Michael di Capua, le premier éditeur de livres pour enfants de Segal, a offert ce souvenir: «Il y a un demi-siècle, j’ai eu le privilège particulier de travailler avec Lore Segal sur plusieurs livres: sa collaboration avec Maurice Sendak, Le Genévrier et autres contes de Grimm; son deuxième roman, Lucinelle; et trois livres d’images, notamment l’incomparable Dis-moi un Mitzi. Je considère tous ces livres comme des moments forts de ma carrière. Lore et moi nous sommes séparés plus tard, mais je n’ai jamais oublié son engagement passionné et implacable à faire en sorte que chaque mot soit juste. Je crois qu’elle a toujours réussi à le faire.

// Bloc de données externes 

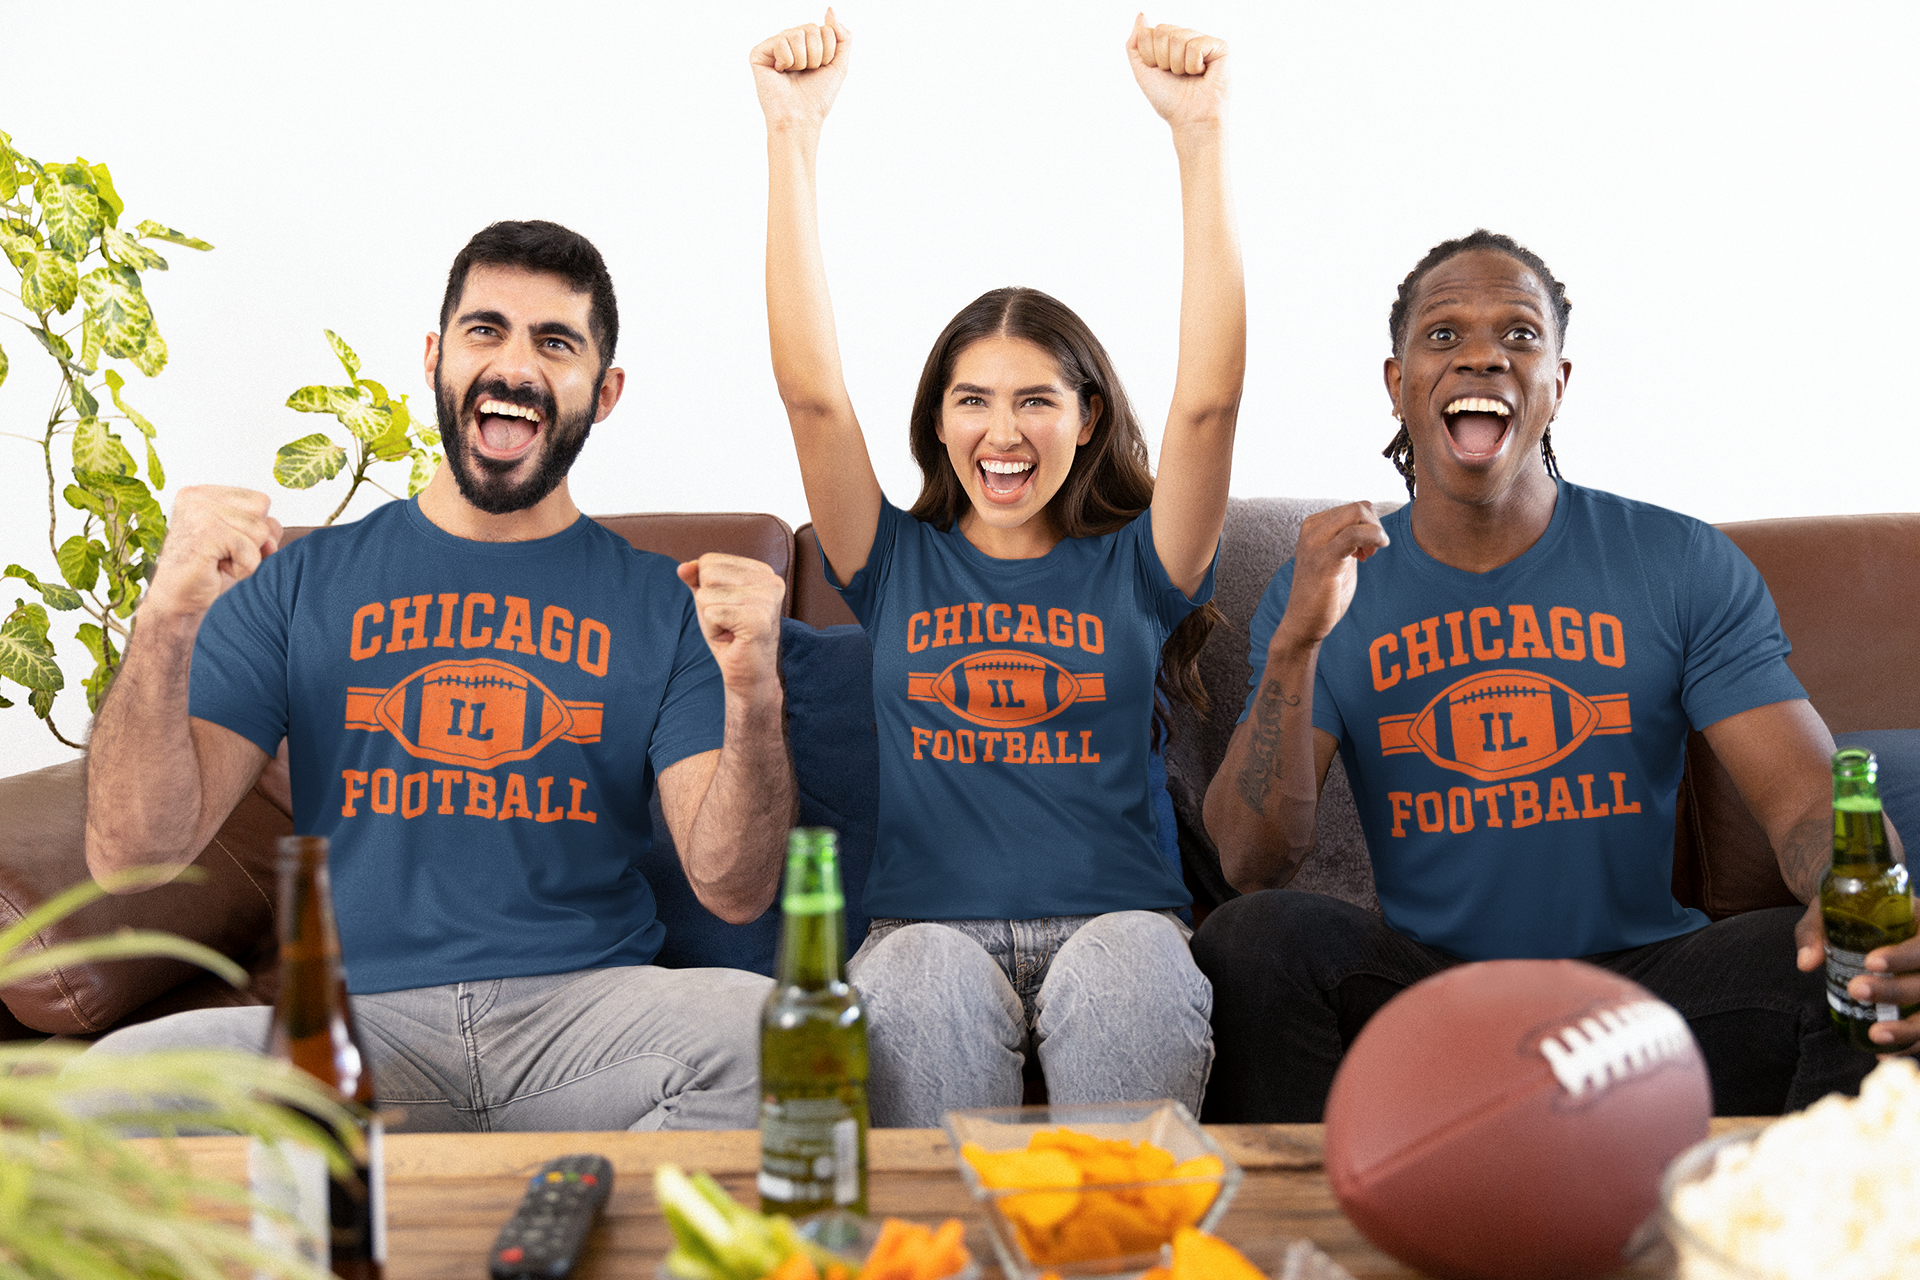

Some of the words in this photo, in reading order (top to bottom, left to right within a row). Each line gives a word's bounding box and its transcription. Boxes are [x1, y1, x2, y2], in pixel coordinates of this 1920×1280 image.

[350, 592, 611, 678] CHICAGO
[907, 602, 1105, 655] CHICAGO
[1369, 604, 1626, 692] CHICAGO
[447, 698, 494, 742] IL
[987, 679, 1026, 708] IL
[911, 726, 1100, 764] FOOTBALL
[1479, 712, 1528, 752] IL
[342, 768, 598, 824] FOOTBALL
[1388, 772, 1641, 838] FOOTBALL

L’illustrateur Paul O. Zelinsky, qui était un ami de longue date, a partagé cet hommage : « Lore trouverait de l’intérêt dans presque n’importe quel sujet ; elle abordait la question sous un angle inattendu et avait tellement de sens que je me demandais pourquoi je n’y avais pas pensé de cette façon. Sa conversation était engagée, intense et le plus souvent légèrement amusée. Et c’est pour cela que lui rendre visite était si amusant.

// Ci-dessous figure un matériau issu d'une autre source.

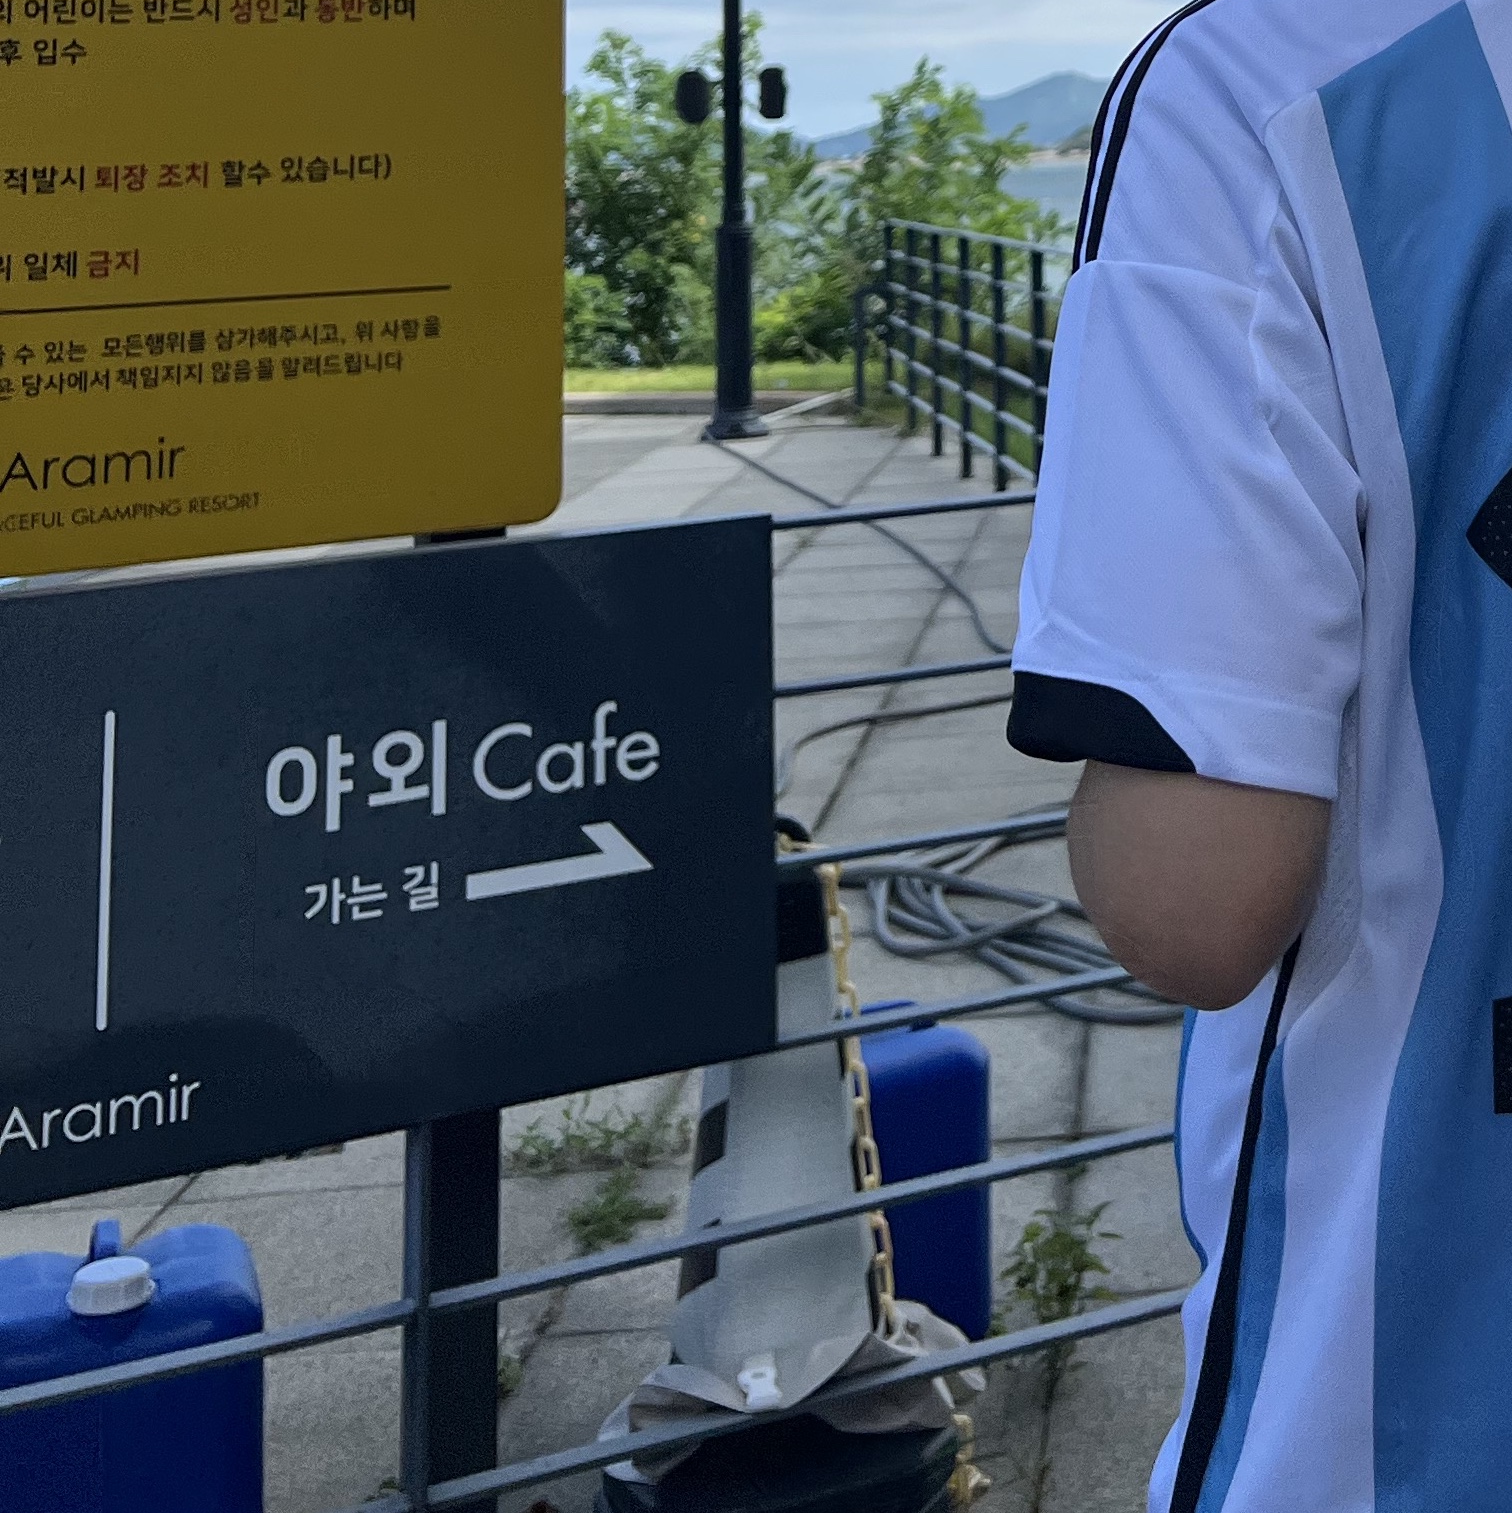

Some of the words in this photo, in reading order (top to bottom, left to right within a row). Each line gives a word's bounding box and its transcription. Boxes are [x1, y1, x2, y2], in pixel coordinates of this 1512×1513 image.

Sarah Baker, directrice exécutive de la Society of Children’s Book Authors and Illustrators et cousine de Segal, a déclaré : « J’ai toujours vu Lore Segal de deux manières : le célèbre auteur dont j’adorais les livres et le fabuleux cousin dont l’appartement de l’Upper West Side était un lieu magique. lieu de rassemblement pour moi et ma famille élargie. Son appartement bordé de livres était toujours plein de chaleur et d’art, et chaque fois que j’y étais, Lore prenait le temps de communiquer avec moi et de me faire sentir spéciale. C’est qui était Lore, et c’est pourquoi tant de gens ont ce lien particulier avec ses livres. J’espère que tous ses livres continueront d’être découverts par de nouveaux lecteurs. Il existe un livre de Lore Segal pour chaque phase de votre vie, et l’humour, la curiosité, la sagesse et l’empathie qu’elle a mis dans chaque histoire sont son cadeau pour nous tous.

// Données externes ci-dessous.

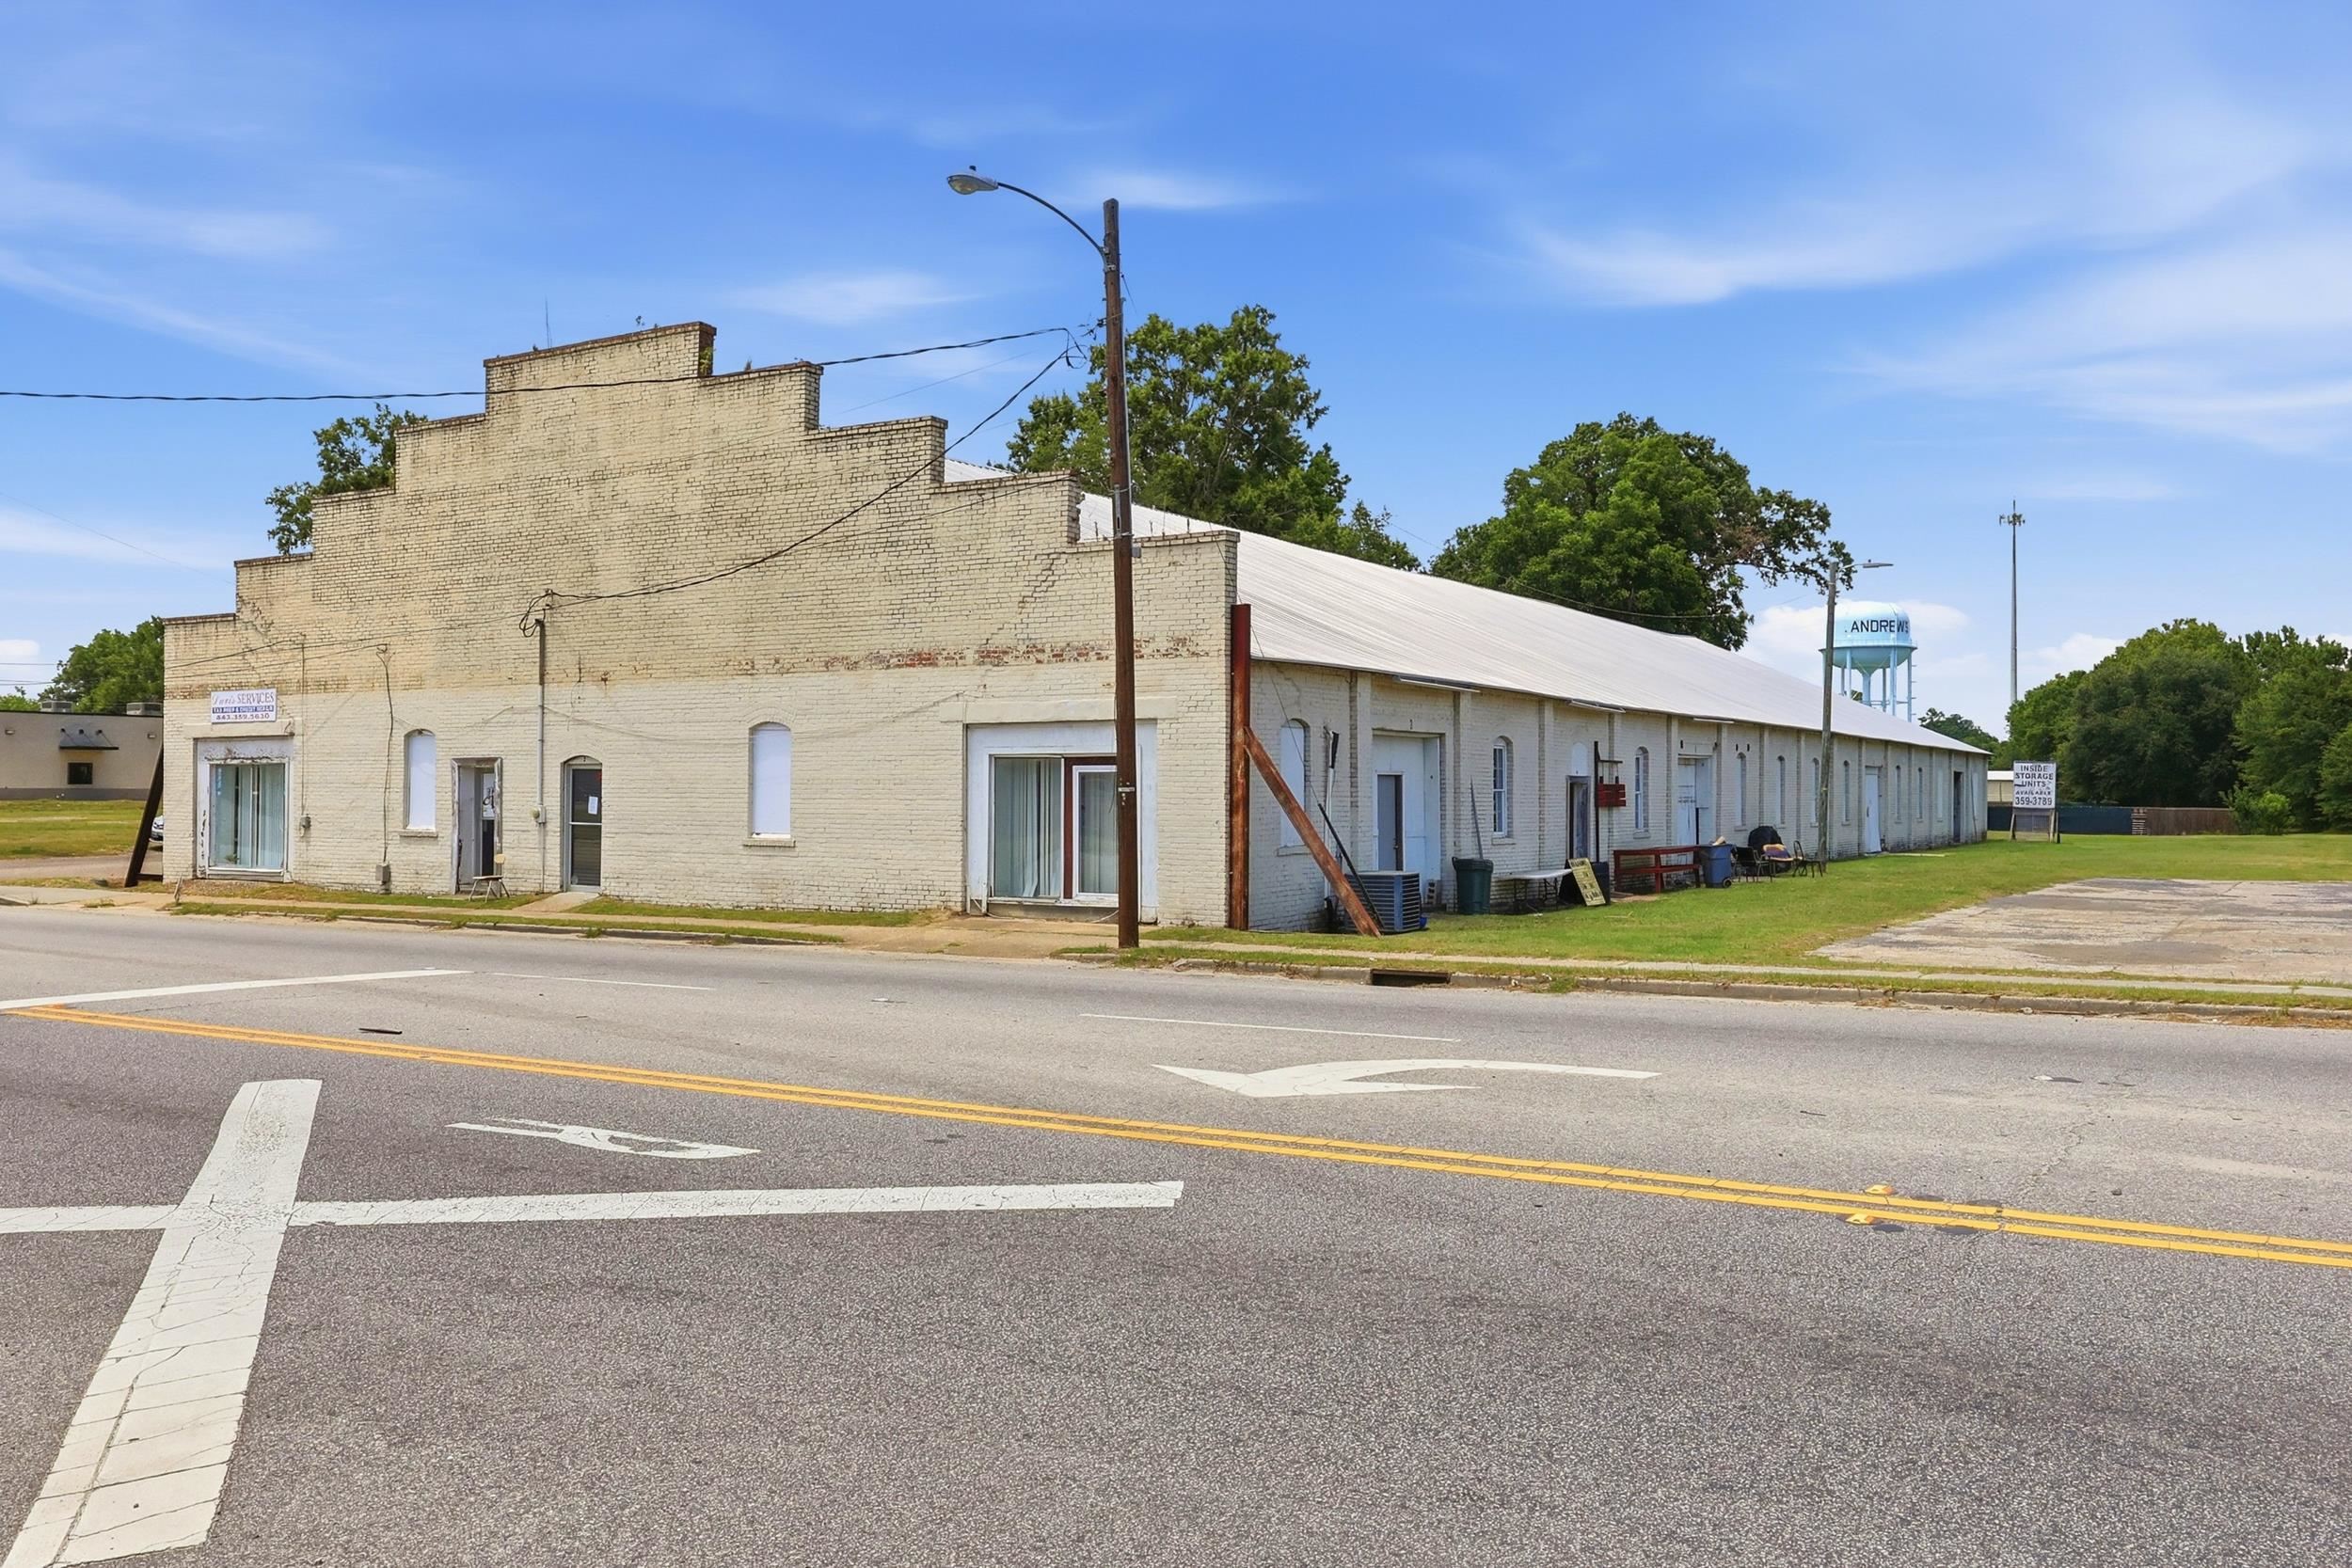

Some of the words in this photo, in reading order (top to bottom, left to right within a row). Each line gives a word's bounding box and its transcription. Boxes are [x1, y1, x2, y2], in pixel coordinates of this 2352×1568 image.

[1851, 620, 1909, 634] ANDREWS
[237, 692, 275, 705] SERVICES
[2015, 796, 2052, 806] 359-3789

Et l’auteure-illustratrice Sophie Blackall, l’une des amies proches de Segal, se souvient d’elle de cette façon : « La première réponse de Lore Segal à tout ce qui lui arrivait – chagrin, angoisse, maladresse, inconfort, assimilation, réconciliation, perte, amour – fut : « Est-ce que n’est-ce pas intéressant ? Sa deuxième réponse fut d’écrire à ce sujet. «Si je n’écrivais pas», dit-elle, «je ne sais pas ce que je ferais». Les lettres qu’elle a écrites lorsqu’elle avait 11 ans ont sauvé ses parents de l’Autriche occupée par les nazis. Les livres d’images qu’elle a écrits ont façonné l’enfance de mes enfants et m’ont inspiré à devenir écrivain. Ses romans défient toute description, bouleversent les attentes et nous laissent ravis d’être en vie, et les histoires qu’elle écrivait chaque matin la faisaient rire, l’aidaient à comprendre le monde et la rendaient curieuse pendant 96 ans.